* _DATA_

━━━━━━━━━━

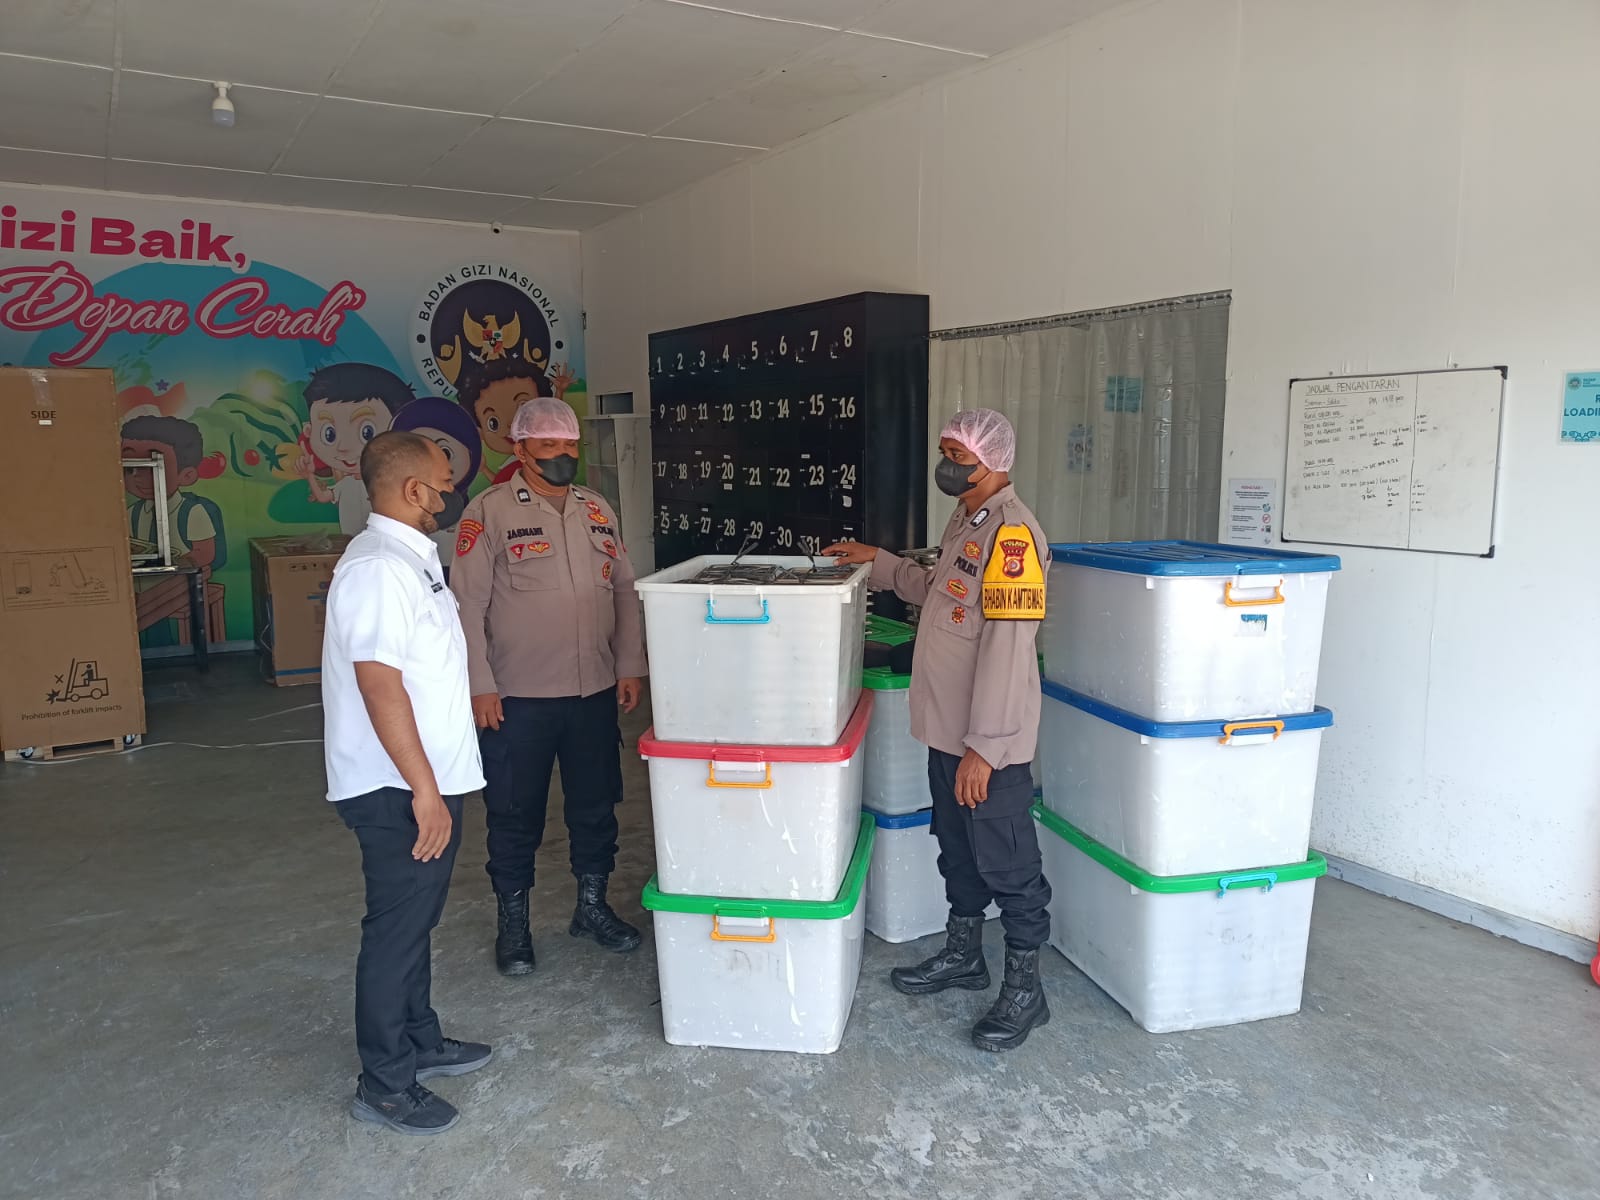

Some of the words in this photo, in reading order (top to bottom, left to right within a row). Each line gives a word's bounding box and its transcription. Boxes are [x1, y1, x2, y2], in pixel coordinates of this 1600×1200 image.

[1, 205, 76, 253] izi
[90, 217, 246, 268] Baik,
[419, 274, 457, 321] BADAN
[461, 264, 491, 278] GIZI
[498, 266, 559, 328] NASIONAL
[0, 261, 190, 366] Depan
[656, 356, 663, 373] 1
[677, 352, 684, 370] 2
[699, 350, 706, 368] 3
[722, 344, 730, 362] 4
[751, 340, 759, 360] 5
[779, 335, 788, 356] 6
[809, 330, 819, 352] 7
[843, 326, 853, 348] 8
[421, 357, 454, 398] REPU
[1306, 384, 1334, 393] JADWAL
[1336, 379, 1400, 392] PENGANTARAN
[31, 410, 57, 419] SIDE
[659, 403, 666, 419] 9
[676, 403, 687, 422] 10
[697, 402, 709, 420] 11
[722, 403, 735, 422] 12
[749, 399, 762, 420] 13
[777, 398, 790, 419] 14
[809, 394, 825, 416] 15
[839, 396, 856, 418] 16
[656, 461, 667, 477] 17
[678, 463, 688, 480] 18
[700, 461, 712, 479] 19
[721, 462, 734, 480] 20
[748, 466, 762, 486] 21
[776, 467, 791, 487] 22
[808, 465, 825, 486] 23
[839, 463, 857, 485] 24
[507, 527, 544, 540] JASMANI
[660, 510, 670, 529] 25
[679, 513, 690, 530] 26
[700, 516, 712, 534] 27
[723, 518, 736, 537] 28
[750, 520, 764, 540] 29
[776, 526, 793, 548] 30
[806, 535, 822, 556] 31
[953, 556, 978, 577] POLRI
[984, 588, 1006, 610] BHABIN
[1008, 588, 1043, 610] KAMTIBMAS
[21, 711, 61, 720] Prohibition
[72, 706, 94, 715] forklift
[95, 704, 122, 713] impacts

━━━━━━━━━━

* _PROBLEM DESCRIPTION_
Leaving out any images, restate every record word for word.

* _RESPONSE BELOW_
Some of the words in this photo, in reading order (top to bottom, left to right within a row). Each line gives a word's bounding box and its transcription. Boxes are [x1, y1, x2, y2], in pixel coordinates of this 1600×1200 image.

[1, 205, 76, 253] izi
[90, 217, 246, 268] Baik,
[419, 274, 457, 321] BADAN
[461, 264, 491, 278] GIZI
[498, 266, 559, 328] NASIONAL
[0, 261, 190, 366] Depan
[656, 356, 663, 373] 1
[677, 352, 684, 370] 2
[699, 350, 706, 368] 3
[722, 344, 730, 362] 4
[751, 340, 759, 360] 5
[779, 335, 788, 356] 6
[809, 330, 819, 352] 7
[843, 326, 853, 348] 8
[421, 357, 454, 398] REPU
[1306, 384, 1334, 393] JADWAL
[1336, 379, 1400, 392] PENGANTARAN
[31, 410, 57, 419] SIDE
[659, 403, 666, 419] 9
[676, 403, 687, 422] 10
[697, 402, 709, 420] 11
[722, 403, 735, 422] 12
[749, 399, 762, 420] 13
[777, 398, 790, 419] 14
[809, 394, 825, 416] 15
[839, 396, 856, 418] 16
[656, 461, 667, 477] 17
[678, 463, 688, 480] 18
[700, 461, 712, 479] 19
[721, 462, 734, 480] 20
[748, 466, 762, 486] 21
[776, 467, 791, 487] 22
[808, 465, 825, 486] 23
[839, 463, 857, 485] 24
[507, 527, 544, 540] JASMANI
[660, 510, 670, 529] 25
[679, 513, 690, 530] 26
[700, 516, 712, 534] 27
[723, 518, 736, 537] 28
[750, 520, 764, 540] 29
[776, 526, 793, 548] 30
[806, 535, 822, 556] 31
[953, 556, 978, 577] POLRI
[984, 588, 1006, 610] BHABIN
[1008, 588, 1043, 610] KAMTIBMAS
[21, 711, 61, 720] Prohibition
[72, 706, 94, 715] forklift
[95, 704, 122, 713] impacts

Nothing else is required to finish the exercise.